# DESCRIPTION OF THE TASK:
A faithful transcription of all lines below is the expected answer.

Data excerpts
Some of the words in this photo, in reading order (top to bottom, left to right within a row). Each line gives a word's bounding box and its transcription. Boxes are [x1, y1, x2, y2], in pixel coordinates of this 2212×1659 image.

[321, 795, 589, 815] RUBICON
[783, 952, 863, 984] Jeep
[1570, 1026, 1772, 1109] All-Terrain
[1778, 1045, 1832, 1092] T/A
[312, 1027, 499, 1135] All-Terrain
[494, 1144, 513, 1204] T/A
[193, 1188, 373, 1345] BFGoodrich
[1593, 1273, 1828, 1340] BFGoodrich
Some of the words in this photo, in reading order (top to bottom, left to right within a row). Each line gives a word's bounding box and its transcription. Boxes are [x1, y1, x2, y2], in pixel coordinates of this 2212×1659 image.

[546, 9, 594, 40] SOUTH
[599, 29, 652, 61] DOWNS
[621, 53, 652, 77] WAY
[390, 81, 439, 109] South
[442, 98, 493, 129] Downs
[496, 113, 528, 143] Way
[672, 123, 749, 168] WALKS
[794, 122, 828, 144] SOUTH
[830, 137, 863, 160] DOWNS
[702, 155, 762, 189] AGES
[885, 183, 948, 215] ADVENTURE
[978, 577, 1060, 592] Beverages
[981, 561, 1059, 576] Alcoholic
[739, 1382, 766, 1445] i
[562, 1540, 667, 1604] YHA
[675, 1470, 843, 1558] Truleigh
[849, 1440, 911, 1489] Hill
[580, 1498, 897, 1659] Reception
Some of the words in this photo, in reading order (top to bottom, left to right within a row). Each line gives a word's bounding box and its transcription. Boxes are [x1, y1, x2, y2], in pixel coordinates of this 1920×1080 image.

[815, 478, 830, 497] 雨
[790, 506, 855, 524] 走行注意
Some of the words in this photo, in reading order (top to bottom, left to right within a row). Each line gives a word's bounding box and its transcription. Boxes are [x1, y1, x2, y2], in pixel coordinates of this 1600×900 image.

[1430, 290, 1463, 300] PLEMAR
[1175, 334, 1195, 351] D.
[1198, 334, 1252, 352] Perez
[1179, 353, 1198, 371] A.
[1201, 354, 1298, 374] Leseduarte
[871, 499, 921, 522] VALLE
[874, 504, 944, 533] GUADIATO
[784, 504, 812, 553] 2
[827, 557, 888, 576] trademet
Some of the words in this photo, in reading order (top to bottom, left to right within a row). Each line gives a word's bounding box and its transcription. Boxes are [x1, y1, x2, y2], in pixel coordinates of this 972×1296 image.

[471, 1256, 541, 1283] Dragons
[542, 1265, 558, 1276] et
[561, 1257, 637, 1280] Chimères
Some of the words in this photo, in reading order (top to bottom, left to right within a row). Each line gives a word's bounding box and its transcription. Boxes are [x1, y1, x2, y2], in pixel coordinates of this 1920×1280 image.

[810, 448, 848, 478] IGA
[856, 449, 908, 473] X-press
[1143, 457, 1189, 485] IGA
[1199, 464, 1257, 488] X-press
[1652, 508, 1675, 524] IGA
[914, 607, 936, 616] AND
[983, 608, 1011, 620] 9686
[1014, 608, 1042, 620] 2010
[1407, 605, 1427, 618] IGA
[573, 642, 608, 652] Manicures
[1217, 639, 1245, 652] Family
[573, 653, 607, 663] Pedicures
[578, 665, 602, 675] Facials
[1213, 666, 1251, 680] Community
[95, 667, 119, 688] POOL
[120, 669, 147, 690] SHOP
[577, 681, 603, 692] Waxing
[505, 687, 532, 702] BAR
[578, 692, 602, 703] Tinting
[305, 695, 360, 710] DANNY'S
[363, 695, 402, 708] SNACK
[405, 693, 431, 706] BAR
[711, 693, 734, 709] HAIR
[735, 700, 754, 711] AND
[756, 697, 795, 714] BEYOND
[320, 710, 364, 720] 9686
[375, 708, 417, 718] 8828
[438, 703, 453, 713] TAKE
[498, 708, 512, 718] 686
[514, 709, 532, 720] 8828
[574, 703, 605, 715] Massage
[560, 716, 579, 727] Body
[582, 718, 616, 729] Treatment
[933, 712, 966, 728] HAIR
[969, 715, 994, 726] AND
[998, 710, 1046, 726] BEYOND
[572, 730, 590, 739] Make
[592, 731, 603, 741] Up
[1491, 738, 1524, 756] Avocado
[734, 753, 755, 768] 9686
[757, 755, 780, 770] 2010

# ANSWER FOR THE TASK:
Some of the words in this photo, in reading order (top to bottom, left to right within a row). Each line gives a word's bounding box and its transcription. Boxes are [x1, y1, x2, y2], in pixel coordinates of this 2212×1659 image.

[321, 795, 589, 815] RUBICON
[783, 952, 863, 984] Jeep
[1570, 1026, 1772, 1109] All-Terrain
[1778, 1045, 1832, 1092] T/A
[312, 1027, 499, 1135] All-Terrain
[494, 1144, 513, 1204] T/A
[193, 1188, 373, 1345] BFGoodrich
[1593, 1273, 1828, 1340] BFGoodrich
Some of the words in this photo, in reading order (top to bottom, left to right within a row). Each line gives a word's bounding box and its transcription. Boxes are [x1, y1, x2, y2], in pixel coordinates of this 2212×1659 image.

[546, 9, 594, 40] SOUTH
[599, 29, 652, 61] DOWNS
[621, 53, 652, 77] WAY
[390, 81, 439, 109] South
[442, 98, 493, 129] Downs
[496, 113, 528, 143] Way
[672, 123, 749, 168] WALKS
[794, 122, 828, 144] SOUTH
[830, 137, 863, 160] DOWNS
[702, 155, 762, 189] AGES
[885, 183, 948, 215] ADVENTURE
[978, 577, 1060, 592] Beverages
[981, 561, 1059, 576] Alcoholic
[739, 1382, 766, 1445] i
[562, 1540, 667, 1604] YHA
[675, 1470, 843, 1558] Truleigh
[849, 1440, 911, 1489] Hill
[580, 1498, 897, 1659] Reception
Some of the words in this photo, in reading order (top to bottom, left to right within a row). Each line gives a word's bounding box and its transcription. Boxes are [x1, y1, x2, y2], in pixel coordinates of this 1920×1080 image.

[815, 478, 830, 497] 雨
[790, 506, 855, 524] 走行注意
Some of the words in this photo, in reading order (top to bottom, left to right within a row). Each line gives a word's bounding box and its transcription. Boxes are [x1, y1, x2, y2], in pixel coordinates of this 1600×900 image.

[1430, 290, 1463, 300] PLEMAR
[1175, 334, 1195, 351] D.
[1198, 334, 1252, 352] Perez
[1179, 353, 1198, 371] A.
[1201, 354, 1298, 374] Leseduarte
[871, 499, 921, 522] VALLE
[874, 504, 944, 533] GUADIATO
[784, 504, 812, 553] 2
[827, 557, 888, 576] trademet
Some of the words in this photo, in reading order (top to bottom, left to right within a row). Each line gives a word's bounding box and its transcription. Boxes are [x1, y1, x2, y2], in pixel coordinates of this 972×1296 image.

[471, 1256, 541, 1283] Dragons
[542, 1265, 558, 1276] et
[561, 1257, 637, 1280] Chimères
Some of the words in this photo, in reading order (top to bottom, left to right within a row). Each line gives a word's bounding box and its transcription. Boxes are [x1, y1, x2, y2], in pixel coordinates of this 1920×1280 image.

[810, 448, 848, 478] IGA
[856, 449, 908, 473] X-press
[1143, 457, 1189, 485] IGA
[1199, 464, 1257, 488] X-press
[1652, 508, 1675, 524] IGA
[914, 607, 936, 616] AND
[983, 608, 1011, 620] 9686
[1014, 608, 1042, 620] 2010
[1407, 605, 1427, 618] IGA
[573, 642, 608, 652] Manicures
[1217, 639, 1245, 652] Family
[573, 653, 607, 663] Pedicures
[578, 665, 602, 675] Facials
[1213, 666, 1251, 680] Community
[95, 667, 119, 688] POOL
[120, 669, 147, 690] SHOP
[577, 681, 603, 692] Waxing
[505, 687, 532, 702] BAR
[578, 692, 602, 703] Tinting
[305, 695, 360, 710] DANNY'S
[363, 695, 402, 708] SNACK
[405, 693, 431, 706] BAR
[711, 693, 734, 709] HAIR
[735, 700, 754, 711] AND
[756, 697, 795, 714] BEYOND
[320, 710, 364, 720] 9686
[375, 708, 417, 718] 8828
[438, 703, 453, 713] TAKE
[498, 708, 512, 718] 686
[514, 709, 532, 720] 8828
[574, 703, 605, 715] Massage
[560, 716, 579, 727] Body
[582, 718, 616, 729] Treatment
[933, 712, 966, 728] HAIR
[969, 715, 994, 726] AND
[998, 710, 1046, 726] BEYOND
[572, 730, 590, 739] Make
[592, 731, 603, 741] Up
[1491, 738, 1524, 756] Avocado
[734, 753, 755, 768] 9686
[757, 755, 780, 770] 2010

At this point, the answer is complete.